Abstract

AbstractSerial sections of seven embryos were examined, in four of which the chondrocrania were reconstructed. Parachordals appear as independent precartilages on each side of the notochord in the otic region. Later chondrification occurs, and they fuse with the notochord. Orbitals and trabeculae appear as independent precartilages; later, as cartilages they fuse with the basal plate and with each other, forming the cranial wall between the orbital cavity and brain. An apparent shifting posteriorly of the bases of the fifth, seventh, and eighth cranial nerves, in respect to the anterior end of the notochord and to the otic vesicles, occurs between the 10‐mm. and the 60‐mm. stages.
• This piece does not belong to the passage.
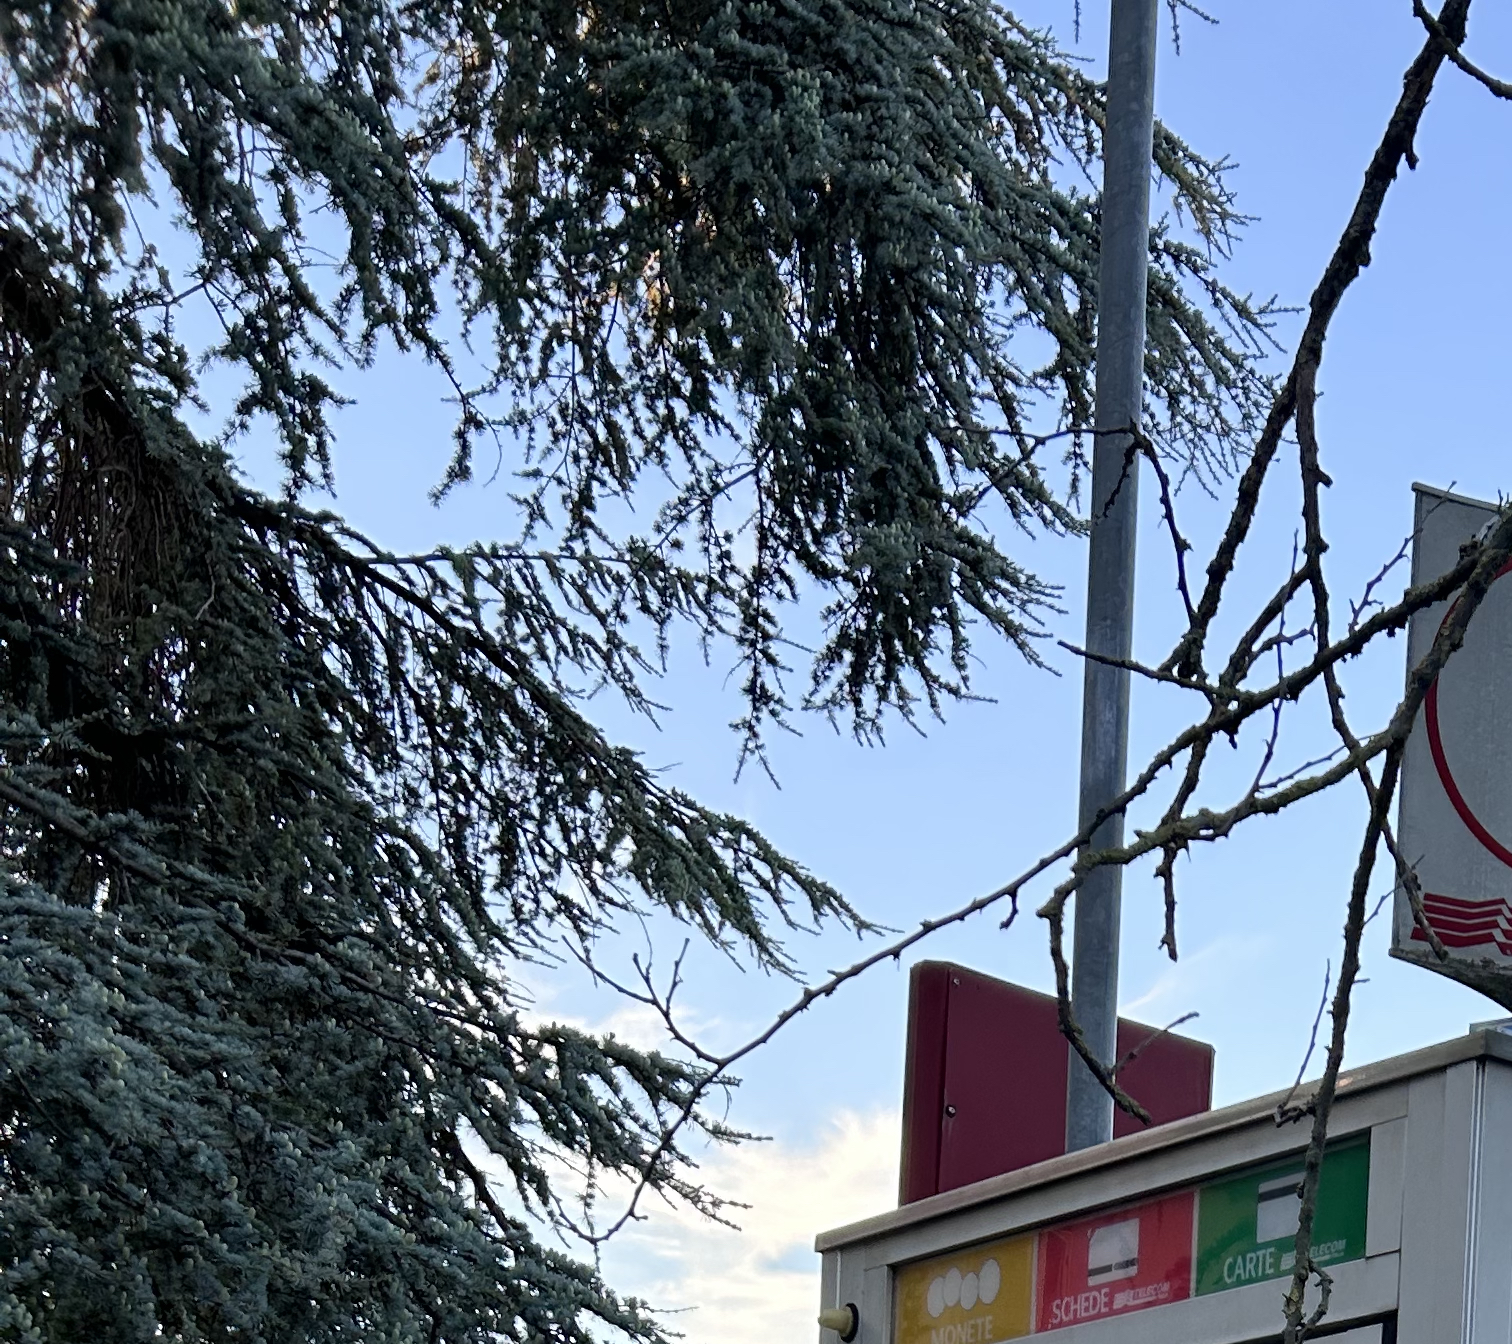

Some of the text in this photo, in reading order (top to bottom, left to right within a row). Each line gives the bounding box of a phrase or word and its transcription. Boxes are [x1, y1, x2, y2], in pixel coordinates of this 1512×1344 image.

[1223, 1239, 1347, 1284] CARTE ELECOM
[1052, 1288, 1110, 1323] SCHEDE
The otic vesicles, proportionately small in the 10‐mm. stage, reach their relatively largest size in the 19‐mm. embryo. The floors of the otic capsules begin as lateral extensions of the basal plate at the 25‐mm. stage, and from these anlagen chondrifications extend, forming the anterior and posuerior cupolas. Most of the tegmen cranii forms by chondrifications that approach the median plane from each side. It is practically complete in the 60‐mm. embryo. The cervical neural arches also contribute in forming the tegmen cranii and the occipital region. The ventrally recurved end of the notochord of the 10‐mm. stage persists through the 60‐mm. embryo.